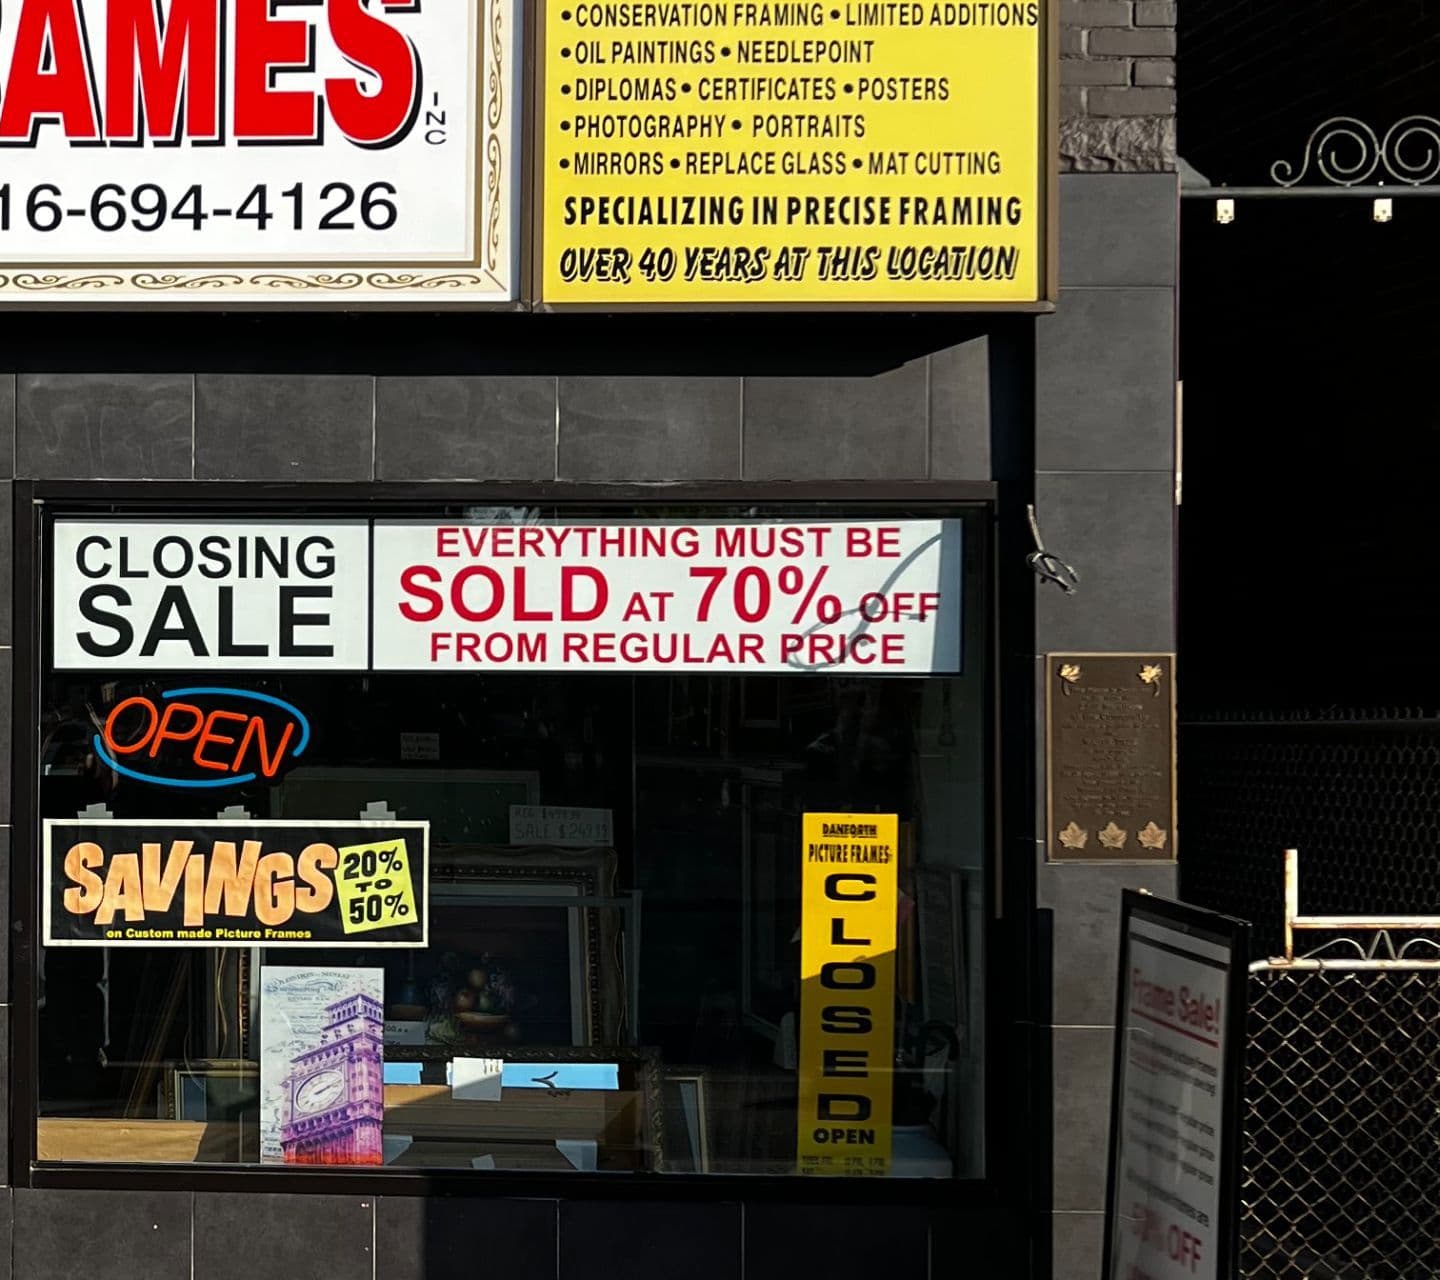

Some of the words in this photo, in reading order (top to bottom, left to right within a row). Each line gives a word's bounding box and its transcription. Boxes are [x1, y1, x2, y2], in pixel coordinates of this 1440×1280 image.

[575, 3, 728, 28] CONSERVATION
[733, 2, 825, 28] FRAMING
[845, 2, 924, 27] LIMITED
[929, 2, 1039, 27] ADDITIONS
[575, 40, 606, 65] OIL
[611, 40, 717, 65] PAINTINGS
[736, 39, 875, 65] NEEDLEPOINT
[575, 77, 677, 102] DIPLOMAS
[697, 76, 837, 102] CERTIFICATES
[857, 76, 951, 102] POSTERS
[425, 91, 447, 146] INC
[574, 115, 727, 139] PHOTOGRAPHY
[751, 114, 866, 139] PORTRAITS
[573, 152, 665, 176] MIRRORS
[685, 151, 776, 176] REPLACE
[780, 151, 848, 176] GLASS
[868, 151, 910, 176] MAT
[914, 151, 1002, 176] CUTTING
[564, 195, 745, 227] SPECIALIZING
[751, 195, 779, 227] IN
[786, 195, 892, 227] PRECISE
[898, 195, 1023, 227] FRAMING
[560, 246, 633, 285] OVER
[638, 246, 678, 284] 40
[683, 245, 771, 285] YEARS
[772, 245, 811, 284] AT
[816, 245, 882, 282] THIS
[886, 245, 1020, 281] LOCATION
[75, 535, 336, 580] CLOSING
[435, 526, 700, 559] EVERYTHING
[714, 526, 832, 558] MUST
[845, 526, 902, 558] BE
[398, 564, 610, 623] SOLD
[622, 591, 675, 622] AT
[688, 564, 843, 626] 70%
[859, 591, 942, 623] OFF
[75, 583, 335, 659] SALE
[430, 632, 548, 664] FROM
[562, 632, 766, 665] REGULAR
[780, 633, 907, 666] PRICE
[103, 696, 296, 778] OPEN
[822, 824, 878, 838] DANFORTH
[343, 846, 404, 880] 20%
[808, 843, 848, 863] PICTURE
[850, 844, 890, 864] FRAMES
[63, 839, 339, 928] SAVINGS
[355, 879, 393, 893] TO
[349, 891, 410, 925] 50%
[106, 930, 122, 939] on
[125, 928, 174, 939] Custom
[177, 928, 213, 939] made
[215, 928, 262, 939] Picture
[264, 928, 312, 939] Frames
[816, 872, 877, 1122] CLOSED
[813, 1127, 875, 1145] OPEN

◆ **Your assignment**
Output the listing above exactly, pictures omitted.

◆ **Response**
Some of the words in this photo, in reading order (top to bottom, left to right within a row). Each line gives a word's bounding box and its transcription. Boxes are [x1, y1, x2, y2], in pixel coordinates of this 1440×1280 image.

[575, 3, 728, 28] CONSERVATION
[733, 2, 825, 28] FRAMING
[845, 2, 924, 27] LIMITED
[929, 2, 1039, 27] ADDITIONS
[575, 40, 606, 65] OIL
[611, 40, 717, 65] PAINTINGS
[736, 39, 875, 65] NEEDLEPOINT
[575, 77, 677, 102] DIPLOMAS
[697, 76, 837, 102] CERTIFICATES
[857, 76, 951, 102] POSTERS
[425, 91, 447, 146] INC
[574, 115, 727, 139] PHOTOGRAPHY
[751, 114, 866, 139] PORTRAITS
[573, 152, 665, 176] MIRRORS
[685, 151, 776, 176] REPLACE
[780, 151, 848, 176] GLASS
[868, 151, 910, 176] MAT
[914, 151, 1002, 176] CUTTING
[564, 195, 745, 227] SPECIALIZING
[751, 195, 779, 227] IN
[786, 195, 892, 227] PRECISE
[898, 195, 1023, 227] FRAMING
[560, 246, 633, 285] OVER
[638, 246, 678, 284] 40
[683, 245, 771, 285] YEARS
[772, 245, 811, 284] AT
[816, 245, 882, 282] THIS
[886, 245, 1020, 281] LOCATION
[75, 535, 336, 580] CLOSING
[435, 526, 700, 559] EVERYTHING
[714, 526, 832, 558] MUST
[845, 526, 902, 558] BE
[398, 564, 610, 623] SOLD
[622, 591, 675, 622] AT
[688, 564, 843, 626] 70%
[859, 591, 942, 623] OFF
[75, 583, 335, 659] SALE
[430, 632, 548, 664] FROM
[562, 632, 766, 665] REGULAR
[780, 633, 907, 666] PRICE
[103, 696, 296, 778] OPEN
[822, 824, 878, 838] DANFORTH
[343, 846, 404, 880] 20%
[808, 843, 848, 863] PICTURE
[850, 844, 890, 864] FRAMES
[63, 839, 339, 928] SAVINGS
[355, 879, 393, 893] TO
[349, 891, 410, 925] 50%
[106, 930, 122, 939] on
[125, 928, 174, 939] Custom
[177, 928, 213, 939] made
[215, 928, 262, 939] Picture
[264, 928, 312, 939] Frames
[816, 872, 877, 1122] CLOSED
[813, 1127, 875, 1145] OPEN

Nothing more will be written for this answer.